Not all little girls are equal, yanno.

Posted by: Snarkammando at July 17, 2013 06:01 PM

I'm sorry, my friend, but the *master* baiters and hustlers of this administration and their minions want anything but an honest conversation about skin color. They want the bullhorn all to themselves. They flogged this dead horse (It's dead, Jim!) until it rose as the zombie persecution that won't die, and they are not about to let their monster tap dance "Puttin' on the Ritz" down the memory hole until it's been drained of every drop of political ooze...."For the Children"!

Posted by: DL Sly at July 17, 2013 06:15 PM

I'm sorry, my friend, but the *master* baiters and hustlers of this administration and their minions want anything but an honest conversation about skin color. They want the bullhorn all to themselves.

Hence this post, which (though few will ever read it), took a long time to write. I do what I can.

Vox clamantis... and all that :p

Posted by: Cass at July 17, 2013 06:21 PM

There's also the developing story that Martin was profiling Zimmerman as a gay prowler, that Martin made it all the way home before coming back out to confront Zimmerman, and that the beating that got Martin killed was basically a purported gay-bashing engendered by rage and sexual panic.
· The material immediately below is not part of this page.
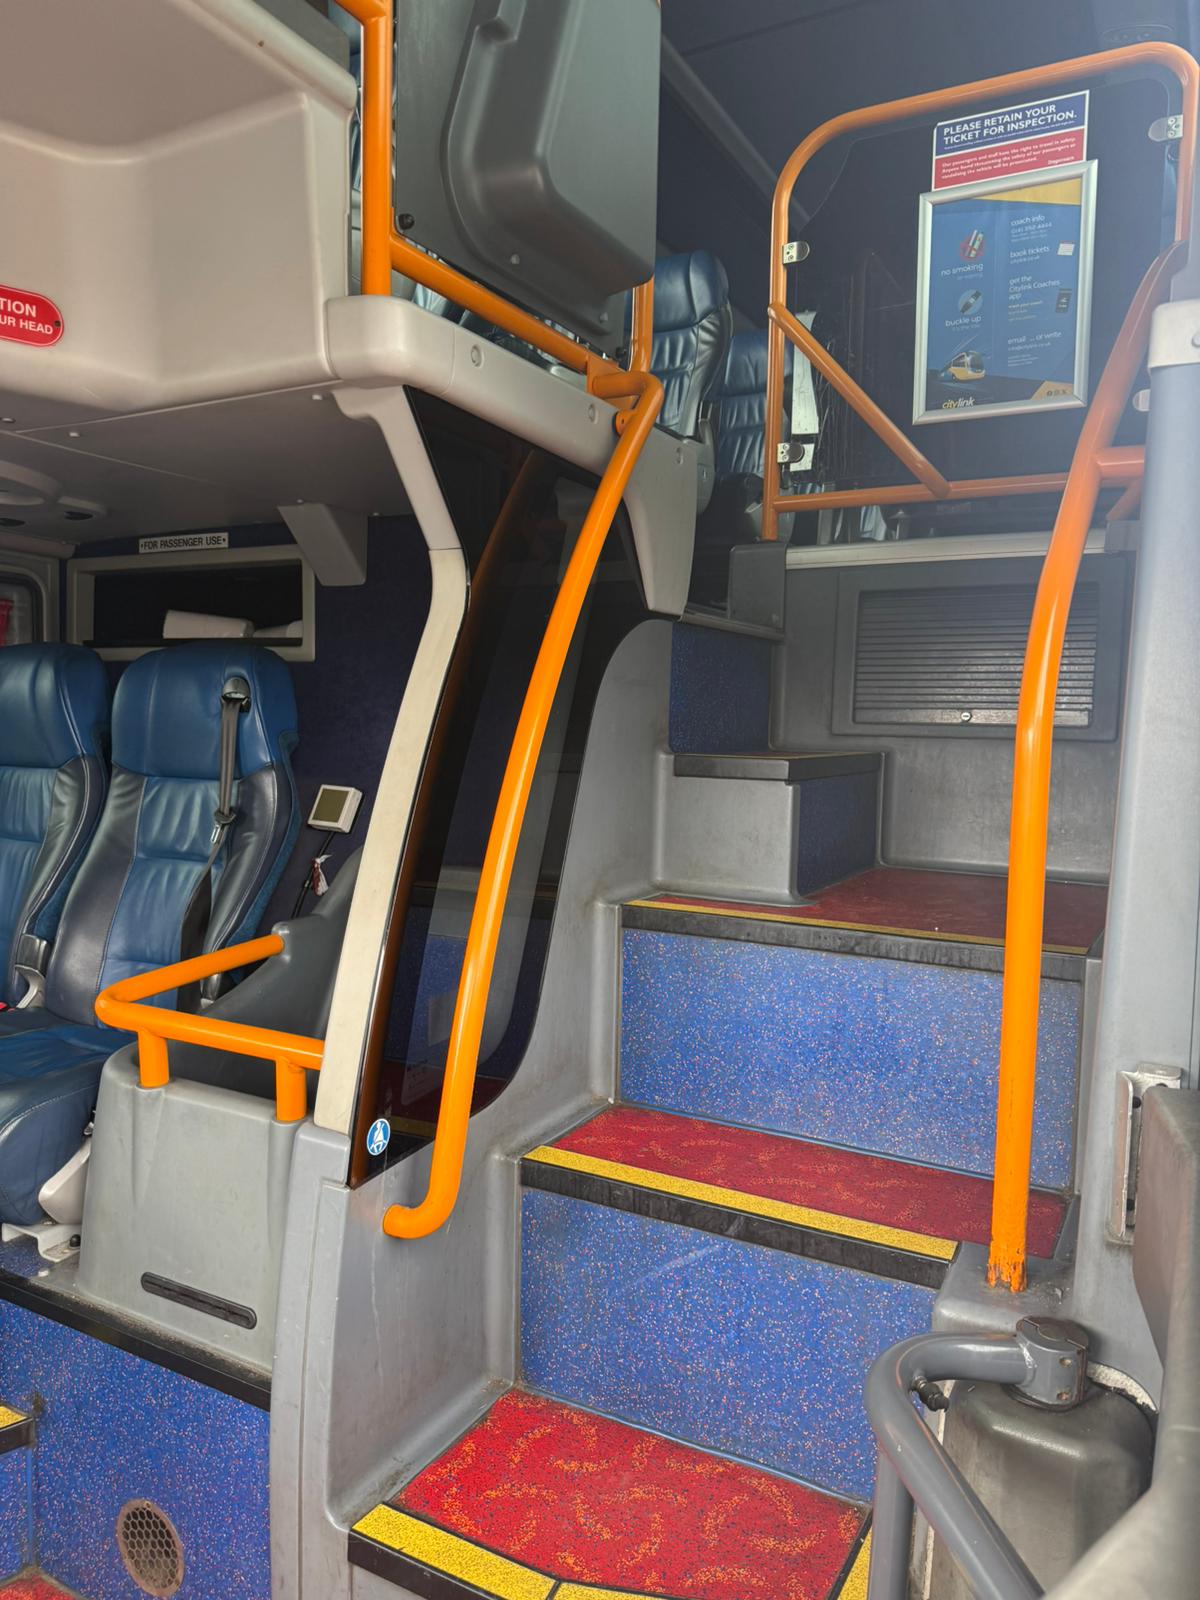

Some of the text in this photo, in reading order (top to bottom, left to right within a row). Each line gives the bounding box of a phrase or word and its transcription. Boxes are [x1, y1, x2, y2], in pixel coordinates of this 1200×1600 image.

Posted by: Texan99 at July 17, 2013 08:15 PM

A nice lady that I used to work with was an African American. Her son, 18 years old in 2011, was shot riding an old beat-up bike back home at 10 or 11 pm at night, because a gang drug war was raging in the east side of my city, and a couple of AA Gang Bangers wanted that old bike, and shot the lady's son.
He managed to crawl up on someone' porch, they called 911, and the ambulance and cops got there. The cops thought he was a gang guy, and interrogated him while the paramedics were treating him, prior to a drive to the hospital. He wasn't a gang member, because he's too stubborn to have anyone tell him what to do.
He recovered, and is fine now. Where is the justice for him? What are the hapless police supposed to do, if the perps are AA? Turn their heads?
The overwhelming number of victims of black crime by poorly socialized young men are.....African Americans. Where is the justice, protection and the rule of law for them, if we decide we should "look the other way" and black youth crime?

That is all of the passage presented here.